= Jacob Weidenmann =

Swiss landscape architect (1829–1893)

Jacob Weidenmann (August 22, 1829 – February 6, 1893) was a landscape architect from Switzerland known for his design of rural cemeteries and public parks.

== Biography ==
Weidenmann was born in Winterthur, Switzerland on August 22, 1829. He was educated at the Akademie der bildenden Künste, Vienna, where he studied art, architecture, engineering, and botany.

After graduating, he worked in Munich, Paris, London, New York City, Panama, and Peru, before settling in the United States in 1856. In 1861 he was named first superintendent of parks in Hartford, Connecticut, where he designed Bushnell Park and Cedar Hill Cemetery. Beginning in 1874 he shared an office with Frederick Law Olmsted, and they subsequently collaborated on projects including Mount Royal Park in Montreal and the Washington, D.C. Capitol grounds.

Weidenmann's Hartford designs include grounds for the American School for the Deaf, Bushnell Park, the Butler-McCook Homestead gardens, Cedar Hill Cemetery, and the Institute of Living. His Midwest designs include the Iowa State Capitol grounds and Chicago's Mount Hope Cemetery.

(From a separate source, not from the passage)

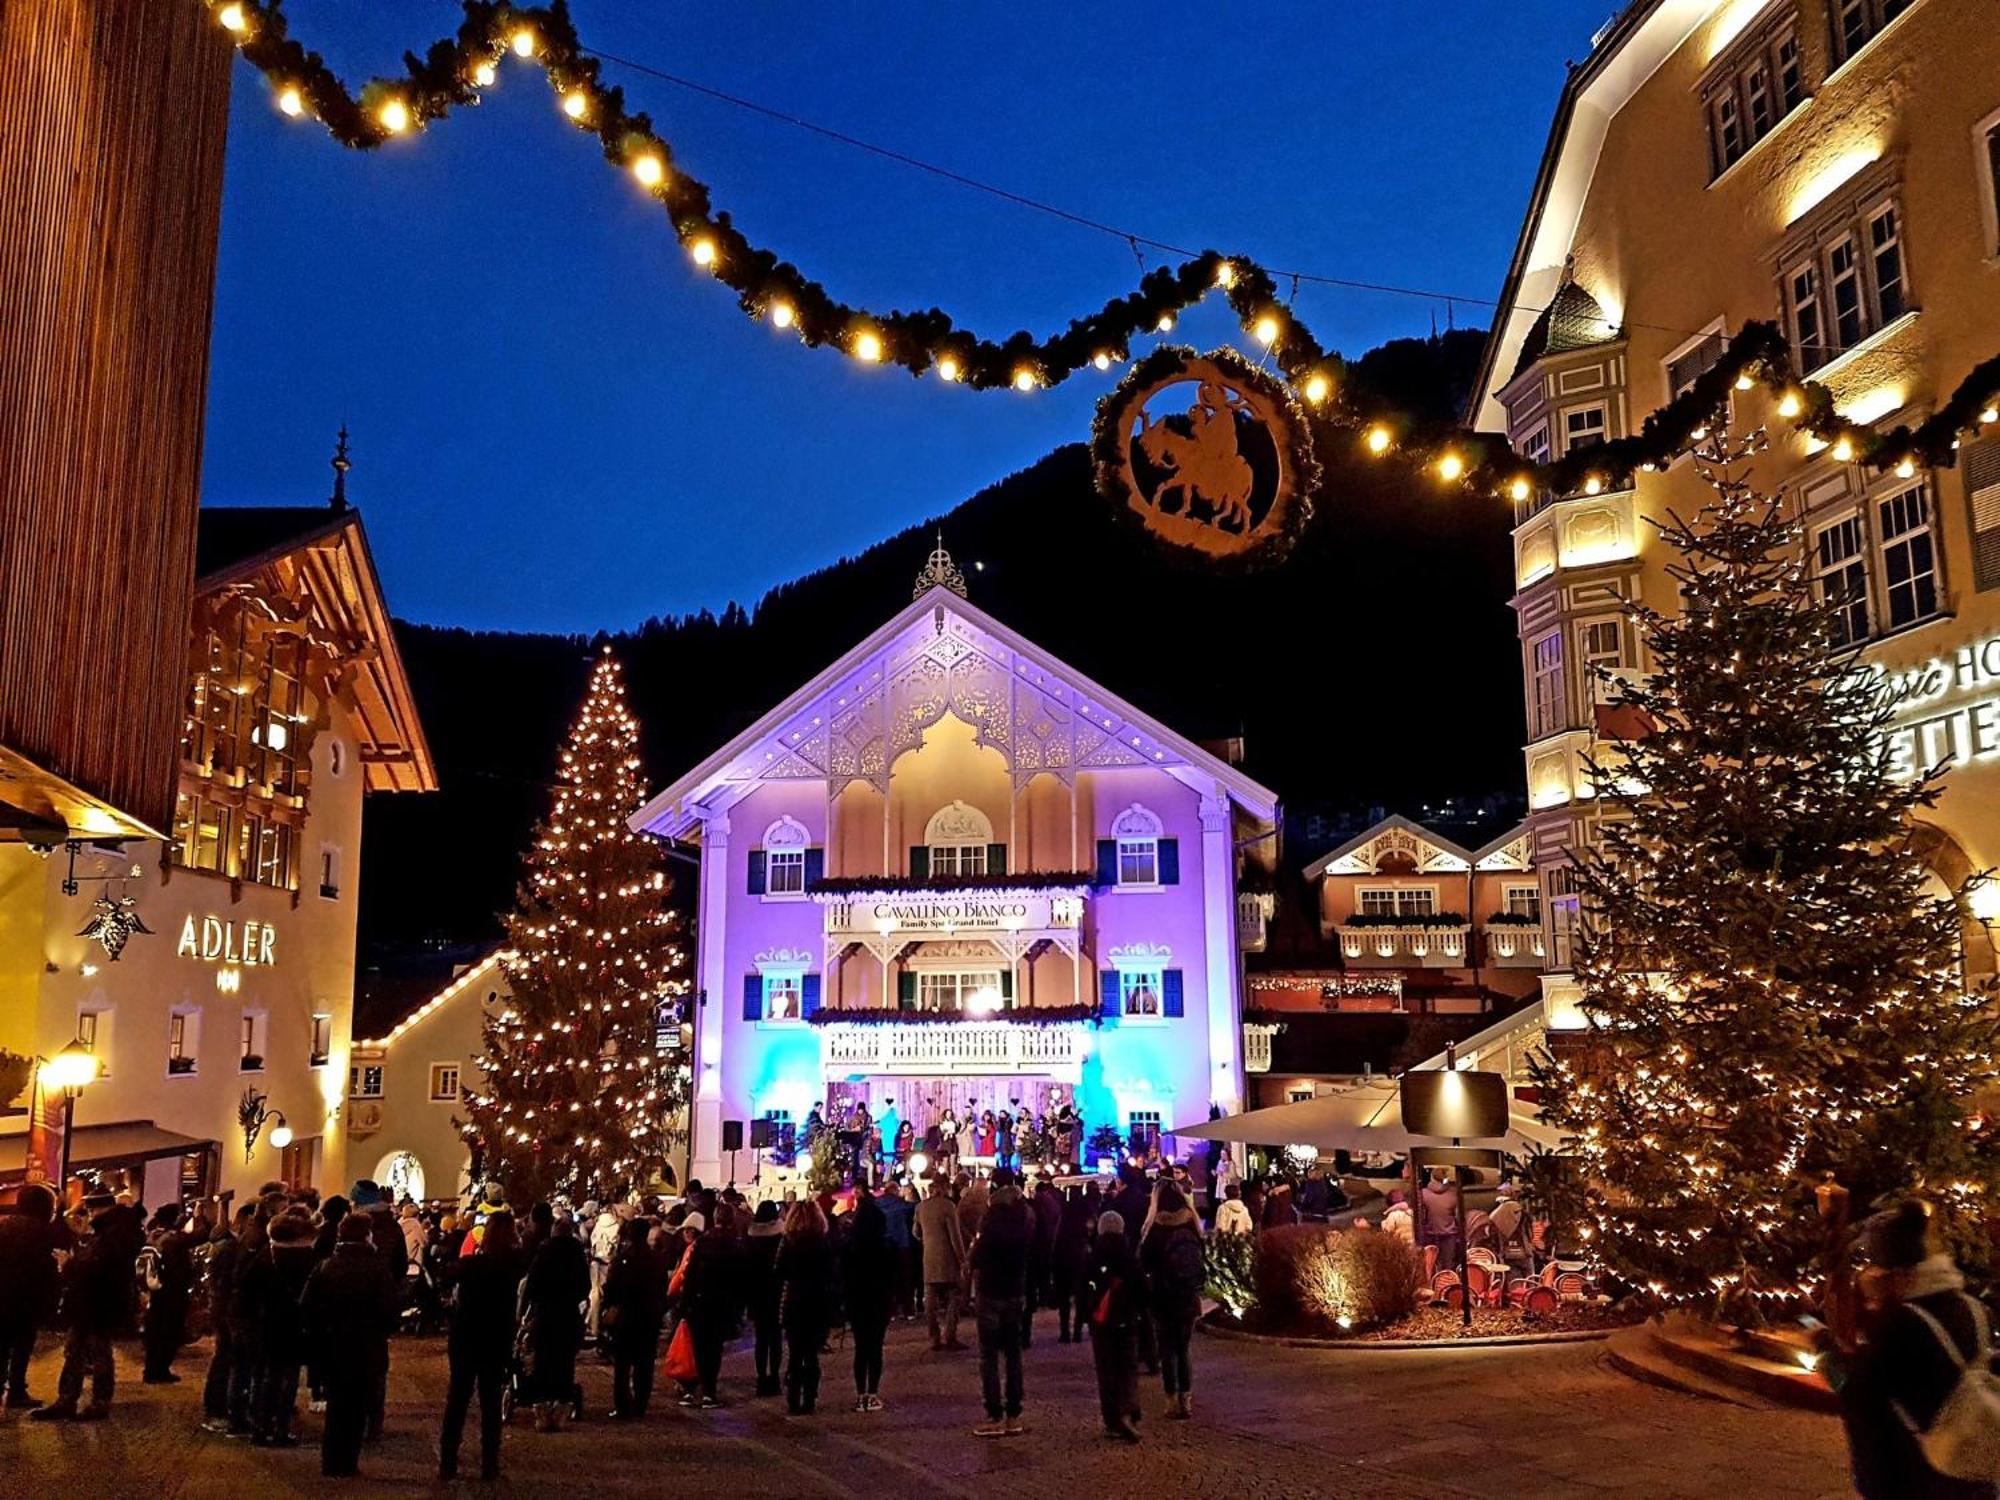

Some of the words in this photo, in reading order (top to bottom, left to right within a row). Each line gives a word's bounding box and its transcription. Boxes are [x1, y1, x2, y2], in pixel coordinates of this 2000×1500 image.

His national work includes landscape designs for the United States Capitol, U.S. Quartermaster Depot, Schuylkill Arsenal, and Hot Springs Reservation.

He died on February 6, 1893, and was interred at Cedar Hill Cemetery in Hartford, Connecticut.

==Legacy==
Harvard University established the Jacob Weidenmann prize which is awarded annually to landscape architecture students who show outstanding ability and talent in landscape design.

==Bibliography==
- Beautifying country homes, Orange Judd, New York, 1870. Reprinted as Victorian Landscape Gardening: A Facsimile of Jacob Weidenmann's Beautifying country homes, American Life Foundation for the Athenaeum Library of Nineteenth Century America, 1978. ISBN 0-89257-021-0.
- Modern cemeteries. An essay upon the improvements and proper management of rural cemeteries, The Monumental news, Chicago, c1888.